7.1 Forming an input data set as a sample point after randomly selecting each of the micro elastic property, the micro strength property and the layer stacking sequence (theta ₁,θ₂,θ₃、、、θ_x) of each of the candidate materials (material I, material II and material III) in the neural network model input in the step 5); sample points are predicted to obtain performance parameters of each sample point through neural network model processing Failure parameters FI and overall cost parameters C;

7.2 Repeating the step 7.1) for a plurality of times to obtain a plurality of sample points and corresponding natural frequencies F _f, failure parameters FI and overall cost parameters C;

7.3 Using a formula to calculate a characteristic value gamma _i of each sample point:

γ_i＝ω_ilog(u⁽ⁱ⁾)

u⁽ⁱ⁾＝rand(0,1)

Wherein ω _i is a performance parameter value obtained by calculating the ith sample point, γ _i represents a characteristic value of the ith sample point, rand (0, 1) represents a random number between 0 and 1, and u ⁽ⁱ⁾ represents a random number corresponding to the ith sample point;

7.4 Selecting a sample point with the maximum characteristic value, and retraining the neural network model by using an input data set of the sample point so as to update parameters of the neural network model;

7.5 Returning to step 6).

8. And optimizing the selection of the alternative materials (materials I, II and III) and the selection of the layer stacking sequence (theta ₁,θ₂,A₃、、、A_x) by using a Genetic Algorithm (GA) to obtain the selection of each layer material and each layer stacking angle in the mixed composite material layering. The method specifically comprises the following steps: the optimization variables are a layer stack sequence (theta ₁,θ₂,θ₃、、、θ_x) and alternative materials (materials I, II and III);

output of obtained performance parameters using accurate neural network model And constructs a robust optimization function F ₁ of the natural frequency F _f:

θ＝(θ₁,θ₂,θ₃、、、θ_x)

wherein mean represents taking the mean, std represents taking the standard deviation, p is the weight coefficient, Representing a final set of schemes selected for the alternative materials (material i, material ii, material iii), θ representing the final scheme of the layer stack sequence; θ ₁ represents the stacking angle of the first layer material in the hybrid composite; θ ₂ represents the stacking angle of the second layer material in the hybrid composite; θ ₃ represents the stacking angle of the third layer material in the hybrid composite; θ _x represents the stacking angle of the xth layer material in the hybrid composite, x represents the sum of the layer stacking sequences; to reduce the choice of unsuitable constraints, the layer stack sequence (θ ₁,θ₂,θ₃、、、θ_x) and the candidate materials (Material I, material II, material III) are subjected to a penalty function method, while the following penalty objective function/>, is established

Wherein λ represents a penalty parameter, α represents a small positive tolerance coefficient, g represents an inequality constraint of a failure parameter FI and an overall cost parameter C, and h represents a force balance constraint of the hybrid composite; in the specific implementation, the punishment parameter lambda is set to be-100, and the small positive tolerance coefficient alpha is set to be 10 ^-4, so that the time required by optimizing a computer is shortened;

simultaneously setting constraint conditions of failure parameters FI and overall cost parameters C; to punish the objective function Maximizing the objective solution to obtain the final set of schemes for alternative material selection/>And two parameter results of the final scheme a of the layer stack sequence.

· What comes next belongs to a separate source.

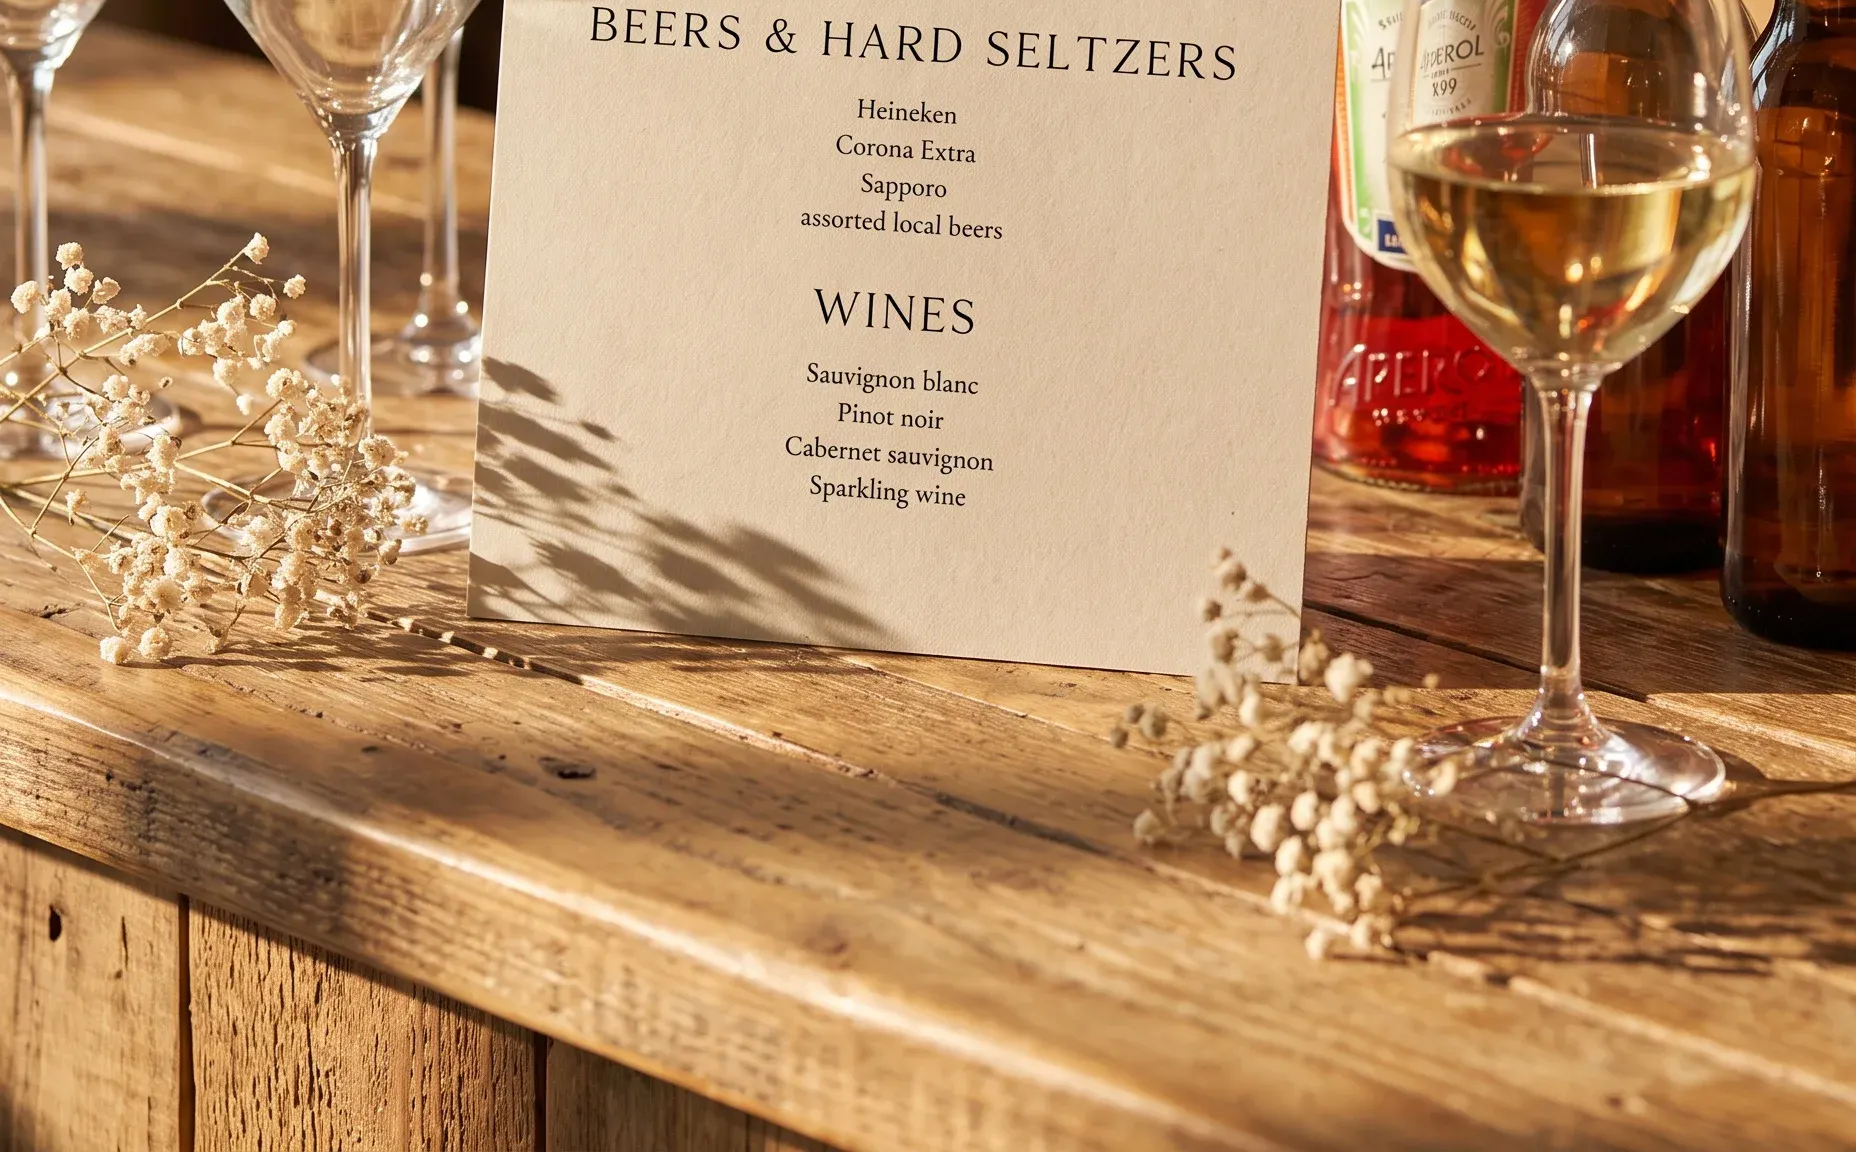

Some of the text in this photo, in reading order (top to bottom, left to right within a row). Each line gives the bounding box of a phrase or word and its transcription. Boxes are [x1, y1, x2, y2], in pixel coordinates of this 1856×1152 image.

By means of the adaptive genetic algorithm in step 8, the layer stack sequence (θ ₁,θ₂,θ₃、、、θ_x) is iterated continuously with the alternative composite materials (material I, material II, material III), resulting in an optimal layer stack sequence [ -45/-45/45/-45/90/-45/45/-45/-45] and alternative composite material distribution [ 1] in this example; 1, a step of; 2;1, a step of; 1], the corresponding natural frequency value is 36.58Hz, as shown in figure 2.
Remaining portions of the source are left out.